■ REQUIREMENT ■
Output the data word for word, dropping every image.

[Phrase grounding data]
[Start of section]

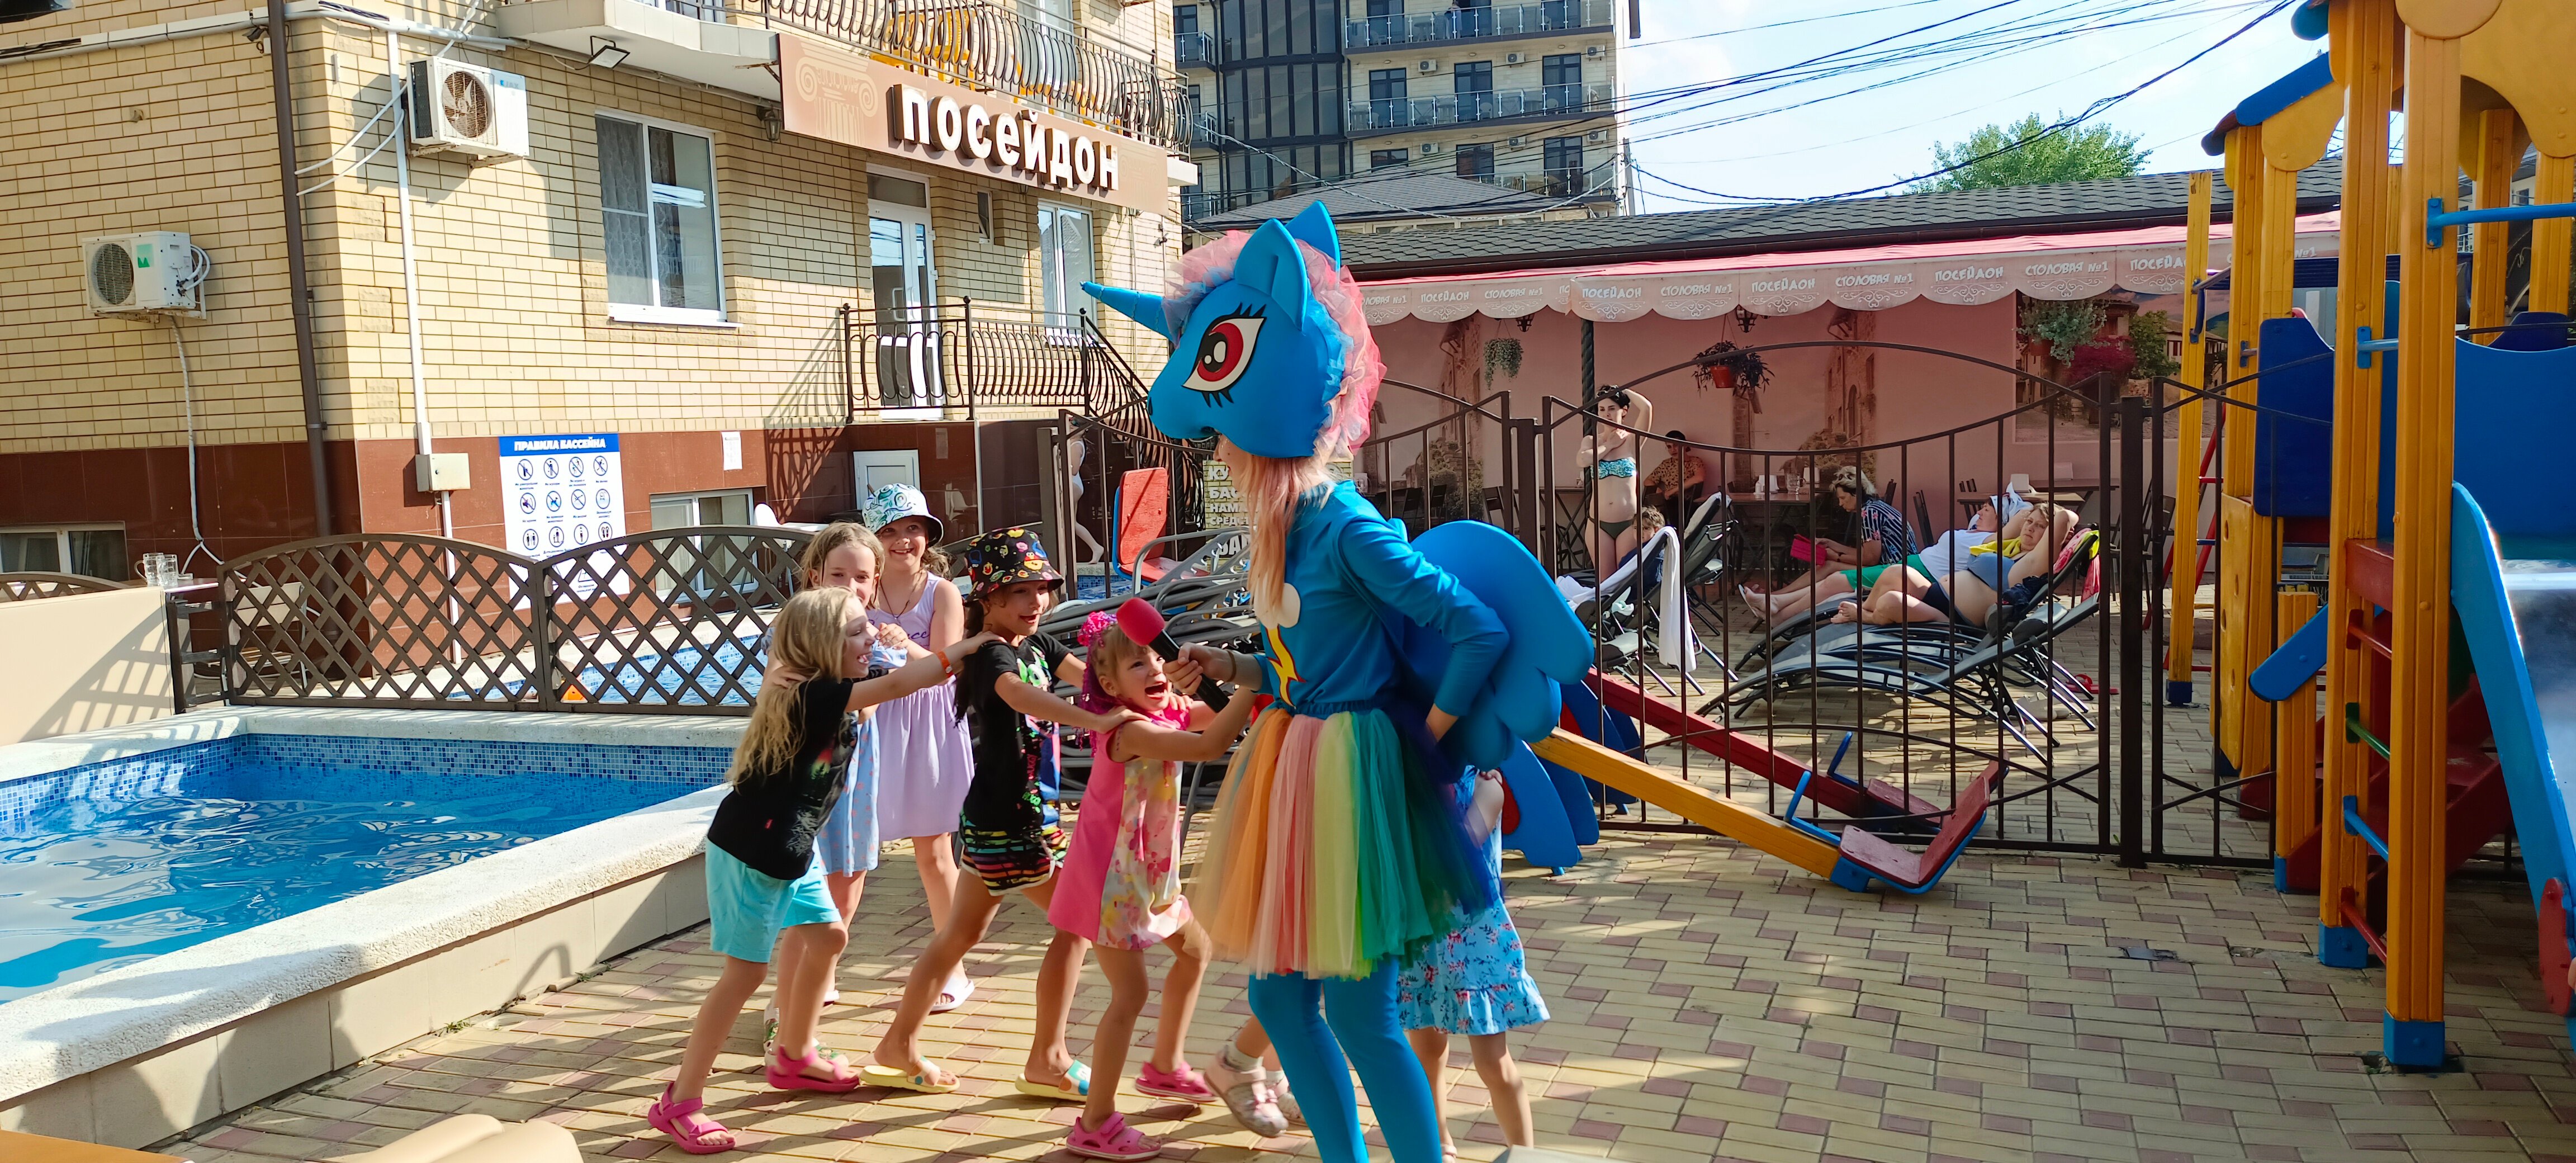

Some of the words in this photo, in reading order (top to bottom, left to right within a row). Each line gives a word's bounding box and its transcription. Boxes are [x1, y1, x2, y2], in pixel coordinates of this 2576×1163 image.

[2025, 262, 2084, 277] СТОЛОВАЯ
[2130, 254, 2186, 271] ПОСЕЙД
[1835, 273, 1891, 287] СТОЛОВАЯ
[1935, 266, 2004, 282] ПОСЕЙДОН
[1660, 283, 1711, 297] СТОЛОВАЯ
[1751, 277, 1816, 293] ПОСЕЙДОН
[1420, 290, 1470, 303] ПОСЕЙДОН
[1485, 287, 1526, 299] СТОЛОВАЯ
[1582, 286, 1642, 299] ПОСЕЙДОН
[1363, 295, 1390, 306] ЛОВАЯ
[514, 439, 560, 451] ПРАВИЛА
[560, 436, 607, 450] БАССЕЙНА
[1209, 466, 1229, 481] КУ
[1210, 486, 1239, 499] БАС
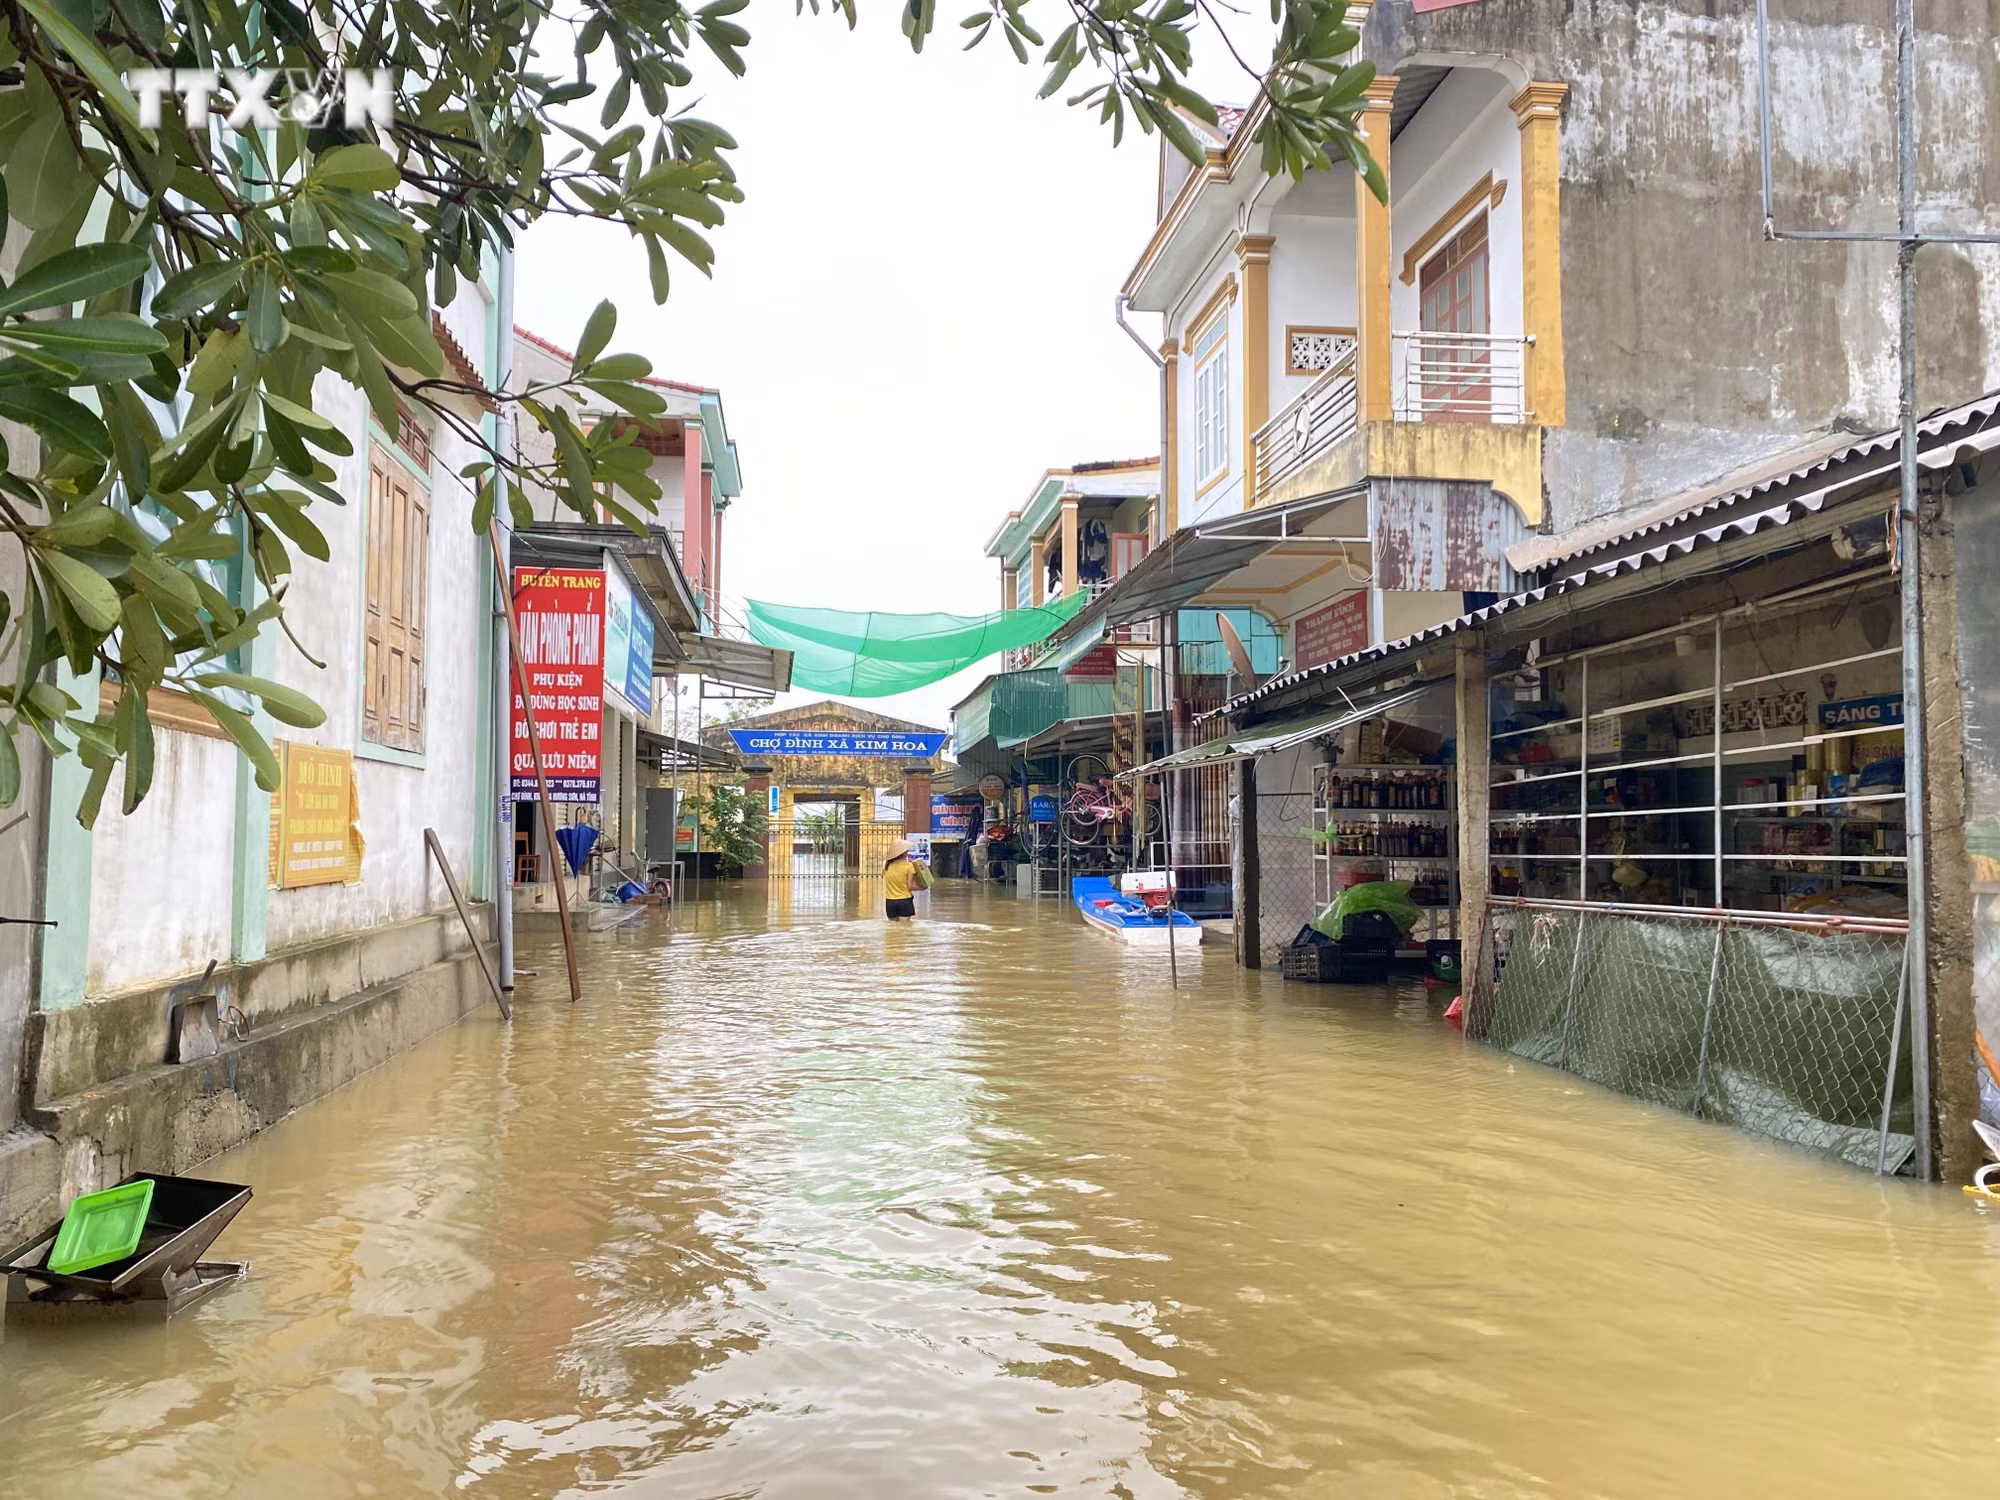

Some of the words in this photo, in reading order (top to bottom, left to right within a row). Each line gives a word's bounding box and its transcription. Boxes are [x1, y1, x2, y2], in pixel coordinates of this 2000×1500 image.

[End of section]

■ ANSWER TO THIS PROBLEM ■
Some of the words in this photo, in reading order (top to bottom, left to right within a row). Each line gives a word's bounding box and its transcription. Boxes are [x1, y1, x2, y2], in pixel coordinates of this 2576×1163 image.

[2025, 262, 2084, 277] СТОЛОВАЯ
[2130, 254, 2186, 271] ПОСЕЙД
[1835, 273, 1891, 287] СТОЛОВАЯ
[1935, 266, 2004, 282] ПОСЕЙДОН
[1660, 283, 1711, 297] СТОЛОВАЯ
[1751, 277, 1816, 293] ПОСЕЙДОН
[1420, 290, 1470, 303] ПОСЕЙДОН
[1485, 287, 1526, 299] СТОЛОВАЯ
[1582, 286, 1642, 299] ПОСЕЙДОН
[1363, 295, 1390, 306] ЛОВАЯ
[514, 439, 560, 451] ПРАВИЛА
[560, 436, 607, 450] БАССЕЙНА
[1209, 466, 1229, 481] КУ
[1210, 486, 1239, 499] БАС

Some of the words in this photo, in reading order (top to bottom, left to right within a row). Each line gives a word's bounding box and its transcription. Boxes are [x1, y1, x2, y2], in pixel coordinates of this 2000×1500 image.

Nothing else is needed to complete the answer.